Can you forecast green energy in the future?
Welcome to Green - A country well known for its greenery and natural resources. Green is working towards the betterment of the environment, natural resources, and health of citizens. Over the past few years, Green has improvised its natural resources by enabling the technologies for a safer future.
The major investment happened to be in renewable energy. As of today, renewable energy contributes to 60% of the total energy capacity in the country. By 2030, the target is to generate 95% of the total energy through renewable energy.
In order to achieve this objective, the government of Green Energy would like to use Data Science to understand the total energy demand of the country in the near future. This will help the government to build the infrastructure and technologies to achieve 95% of the total energy capacity via renewable energy.
They have captured the estimated total energy demand from the past 12 years on an hourly basis. Now, the government of Green Energy is looking for a data scientist to understand the data and forecast the total energy demand for the next 3 years based on past trends.
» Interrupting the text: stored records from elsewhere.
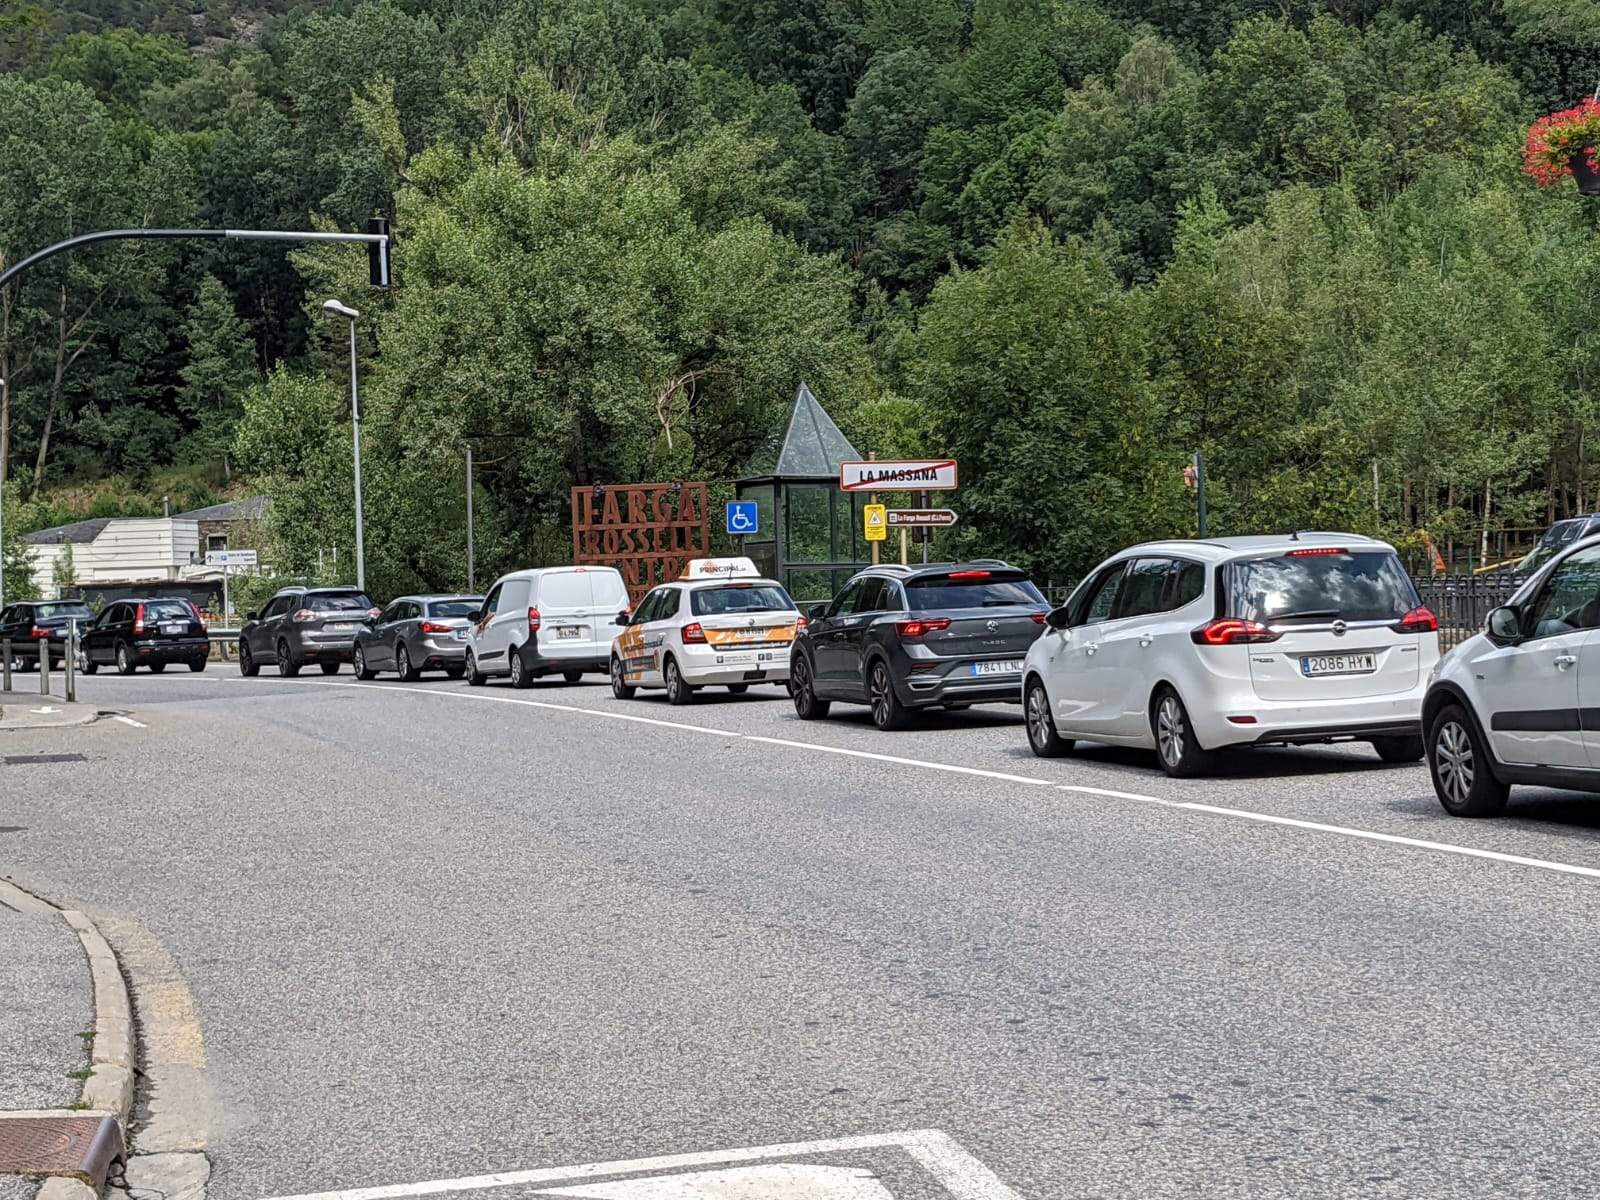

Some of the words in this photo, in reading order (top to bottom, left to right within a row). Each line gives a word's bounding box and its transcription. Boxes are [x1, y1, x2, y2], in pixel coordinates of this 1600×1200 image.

[860, 470, 874, 482] LA
[879, 468, 938, 482] MASSANA
[583, 489, 697, 524] FARGA
[585, 527, 696, 554] ROSSELL
[977, 662, 1001, 673] 7841
[1310, 656, 1344, 671] 2086
[1348, 655, 1373, 669] HYW
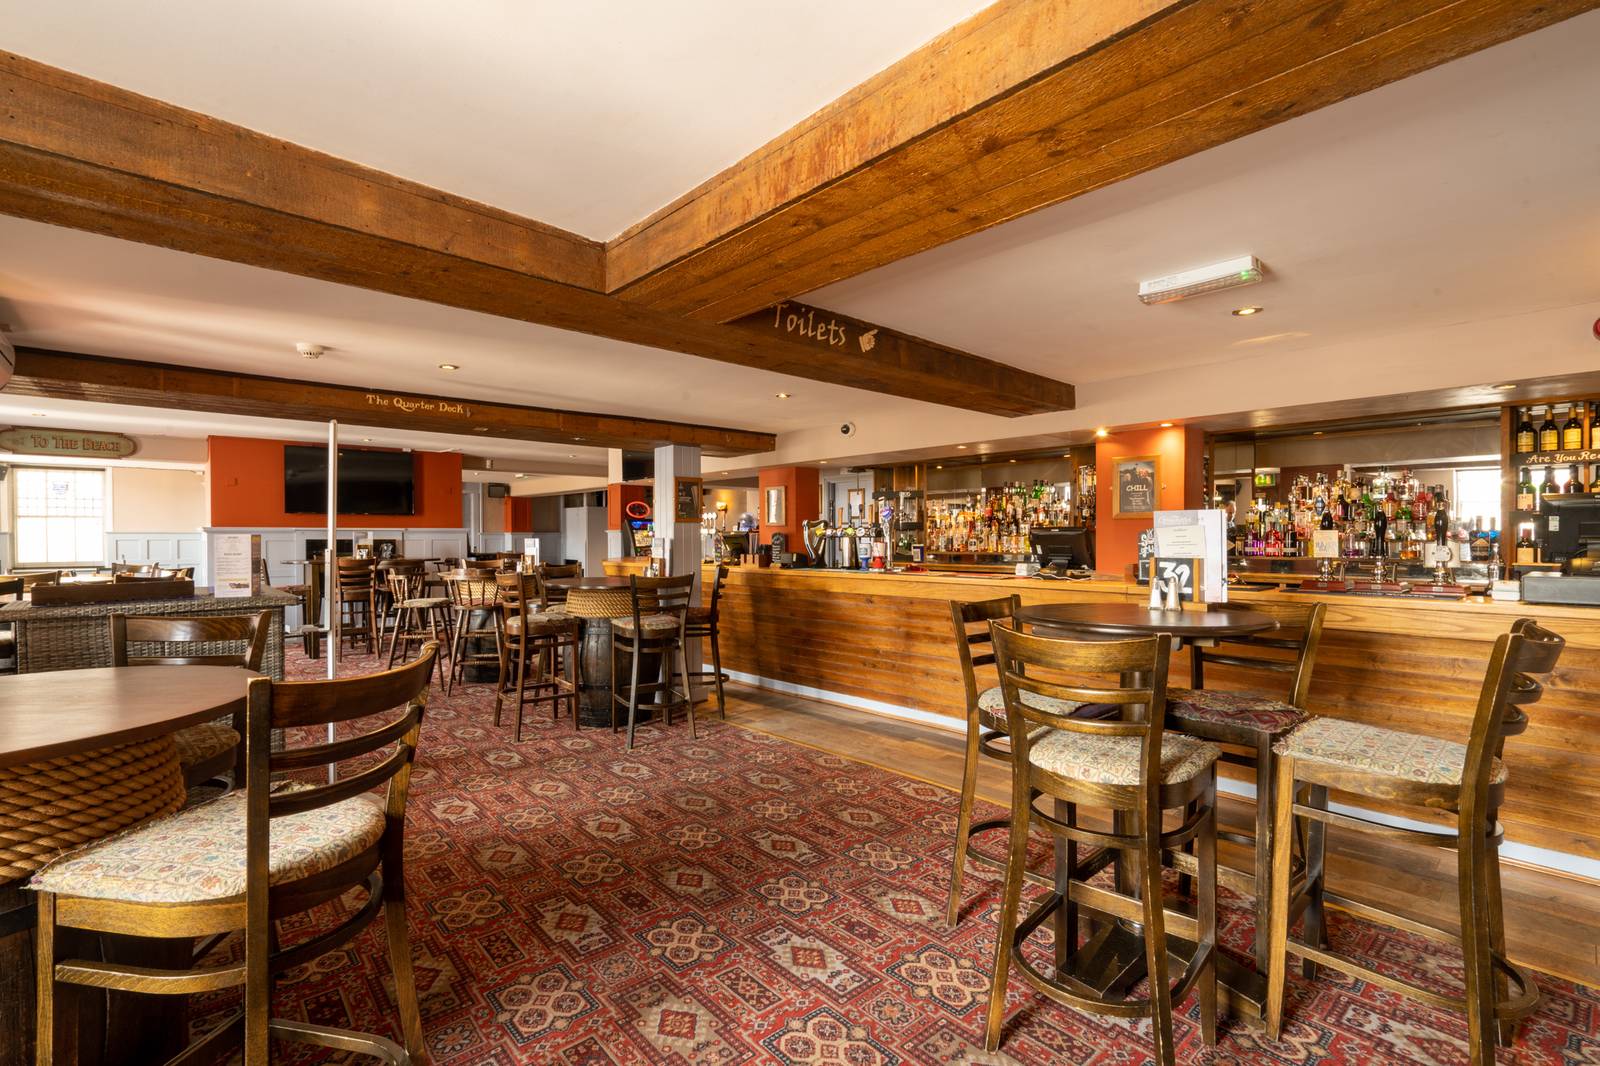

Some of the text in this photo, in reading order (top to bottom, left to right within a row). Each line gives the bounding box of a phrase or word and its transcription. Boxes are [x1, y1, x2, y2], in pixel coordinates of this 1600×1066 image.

Help Green! Save Nature! Stay Healthy!
Your task at hand is to build a machine learning/deep learning approach to forecast the total energy demand on an hourly basis for the next 3 years based on past trends.
You are provided with total energy demand on an hourly basis for the past 9 years from March 2008 to Dec 2018 in the training set. You need to forecast the total energy demand on an hourly basis for the next 3 years from 2019 to 2021 in the test set.
You are provided with 3 files: train set, test set, and sample submission file.
Train Set
Variable | Description |
---|---|
row_id |
Unique identifier of a row |
datetime |
Date and Time (yyyy-mm-dd hh:mm:ss) |
energy |
Outcome: Total Energy Demand for an hour |
Test Set
Variable | Description |
---|---|
row_id |
Unique identifier of a row |
datetime |
Date and Time (yyyy-mm-dd hh:mm:ss) |
Submission File Format
You need to submit the solution file that follows a format similar to that of the sample submission file. sample_submission.csv contains 2 variables - row_id and energy.
Variable | Description |
---|---|
row_id |
Unique identifier of a row |
energy |
Outcome: Total Energy Demand for an hour |
Evaluation metric
The evaluation metric for this hackathon would be RMSE.